Jornalismo

Estudo diz que 61% das notícias falsas sobre covid-19 recebem anúncios do Google

FOTO: ILUSTRAÇÃO

Um estudo realizado pela Universidade de Oxford, da Inglaterra, apontou que a maior parte dos sites que publicam notícias falsas sobre covid-19 é financiada por anúncios do Google.

De acordo com a publicação, as principais fontes de desinformação têm boas métricas de SEO e são otimizadas para aparecerem nas buscas e mídias sociais. Os sites de notícias falsas usam em suas matérias links de portais confiáveis e de prestígio para alcançarem melhores posições nos mecanismos de busca. Além disso, diz a pesquisa, “a esmagadora maioria das notícias inúteis e de desinformação contam com as principais plataformas de publicidade para monetizar suas páginas. 61% das notícias inúteis e fontes de desinformação usaram anúncios do Google”.
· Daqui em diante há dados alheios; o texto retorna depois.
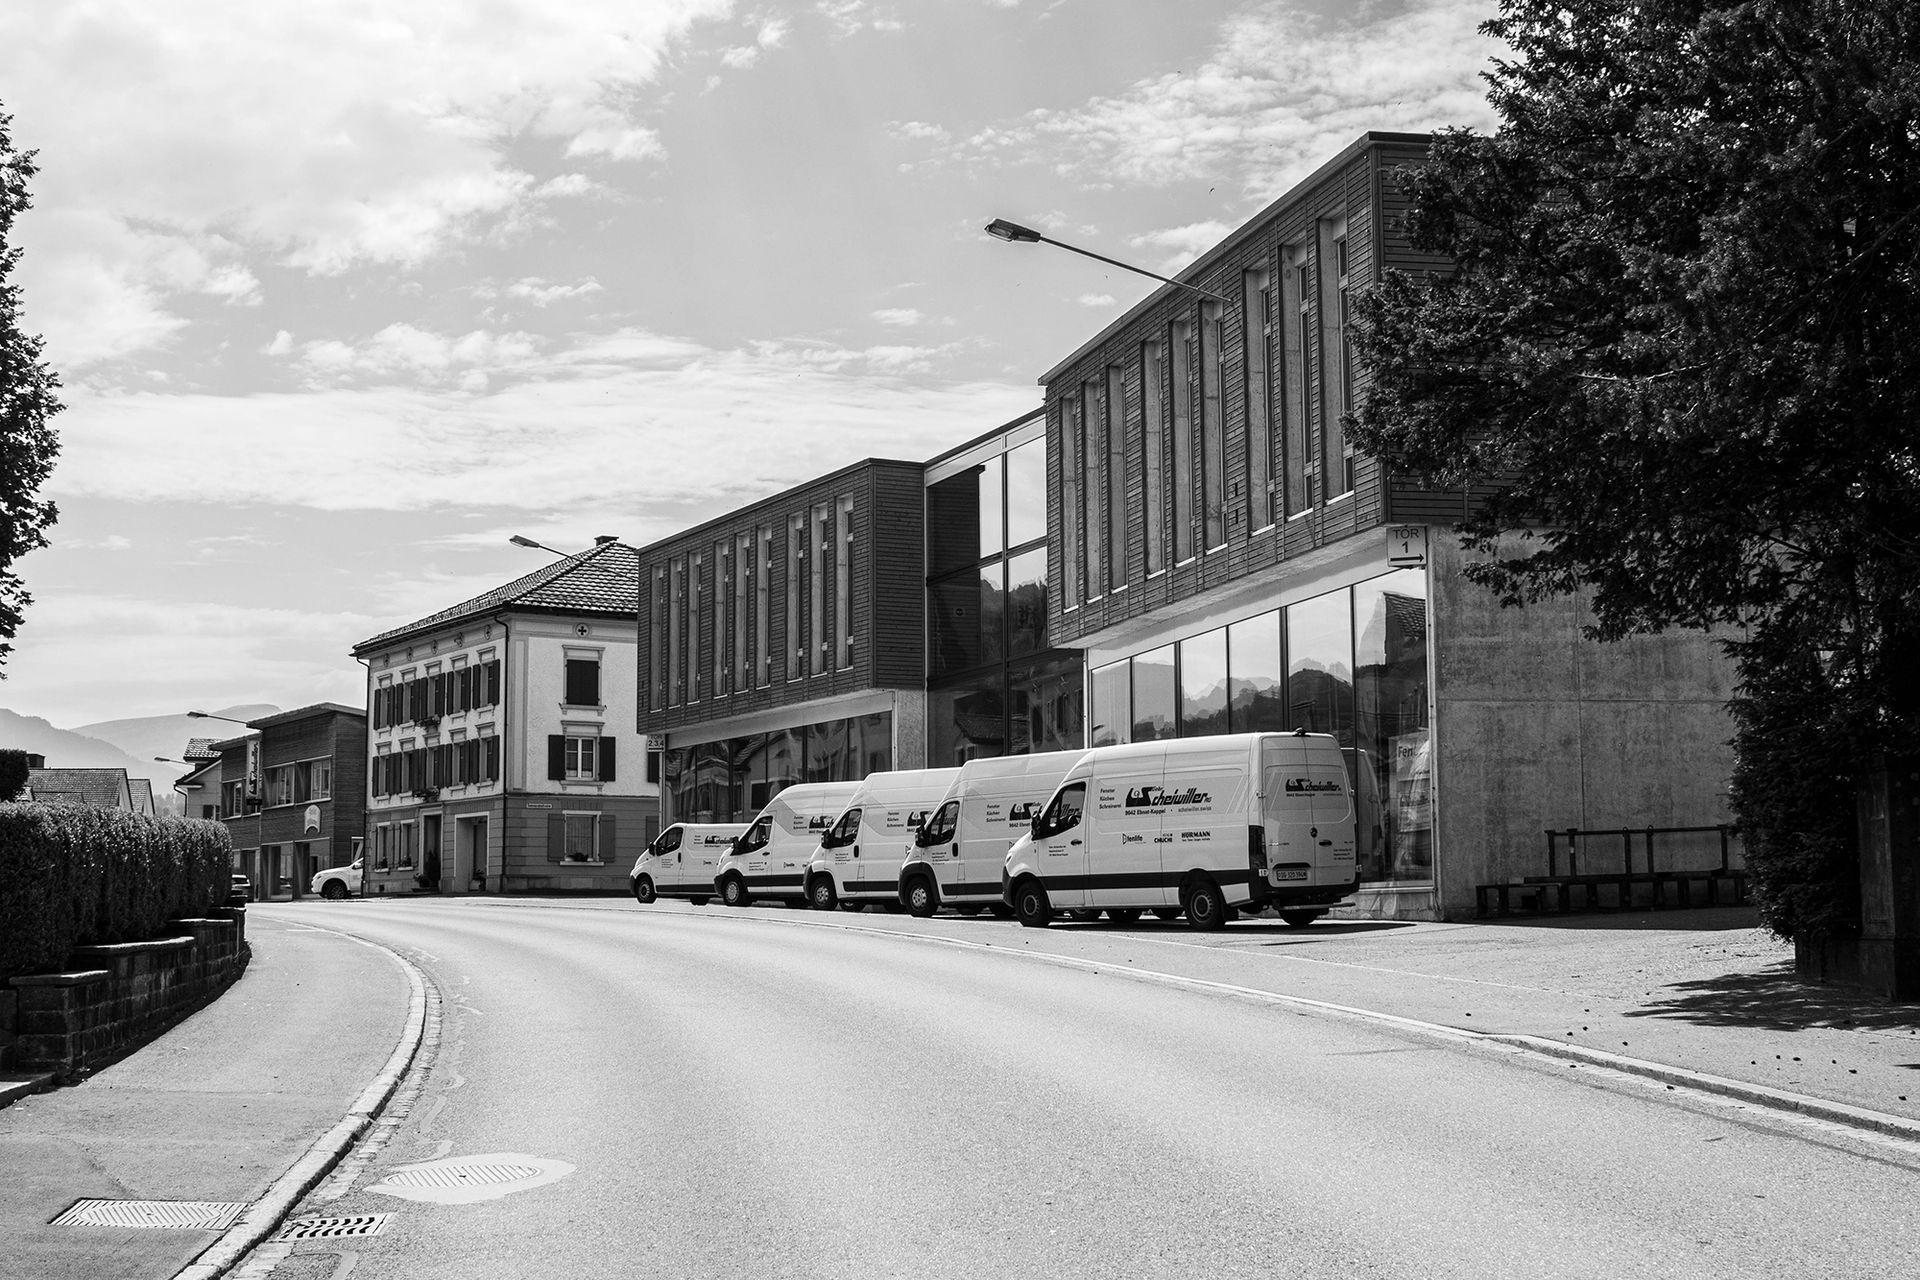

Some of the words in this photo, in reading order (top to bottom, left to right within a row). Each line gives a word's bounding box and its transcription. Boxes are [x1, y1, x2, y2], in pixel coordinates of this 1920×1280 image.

[1392, 528, 1419, 539] TOR
[1401, 541, 1408, 554] 1
[1140, 786, 1208, 807] Scheiwiller
A pesquisa checou 830 fontes sobre a covid-19, entre abril e maio de 2020. A universidade analisou as principais métricas de otimização de mecanismo de pesquisa, como forma de avaliar a reputação dos sites e sua dependência de publicidade digital.

“A maioria dos domínios em nossa amostra foram retiradas do diretório existente do Oxford Internet Institute de domínios que foram compartilhados durante a eleição dos EUA de 2016, a eleição intermediária dos EUA de 2018 e a eleição da União Europeia de 2019. Desses 830 domínios ativos, todos tinham publicado sobre coronavírus recentemente, em abril de 2020. Uma parte do conteúdo foi classificada como relacionada a covid-19 quando fazia referência ao termo “secreto” ou “vírus corona” no título ou no texto.

Entre os veículos jornalísticos analisados estão Reuters, New York Times, The Guardian, CNN, La Reppublica e Fox News. Outros portais, como RT, SputnikNews, Alternet, Breitbart e ZeroHedge, foram considerados fontes de desinformação.

Segundo o estudo, em janeiro de 2020 o Twitter proibiu as “finanças conspiratórias” e o site ZeroHedge por violar suas regras contra abuso e assédio depois de publicar um artigo alegando que um cientista chinês estava envolvido na engenharia do coronavírus como uma arma biológica. Apesar dessa proibição, o artigo permaneceu online e está acessível por meio de outras plataformas Sem restrições. Em 24 de maio de 2020, o artigo de notícias inúteis era indexado no Google, aparecendo no topo dos resultados de pesquisa para “Arma biológica de coronavírus”.

O Google emitiu uma nota em que afirma que tem políticas “rígidas para impedir que páginas com conteúdos prejudiciais, perigosos ou fraudulentos gerem receita por meio da nossa plataforma de anúncios”.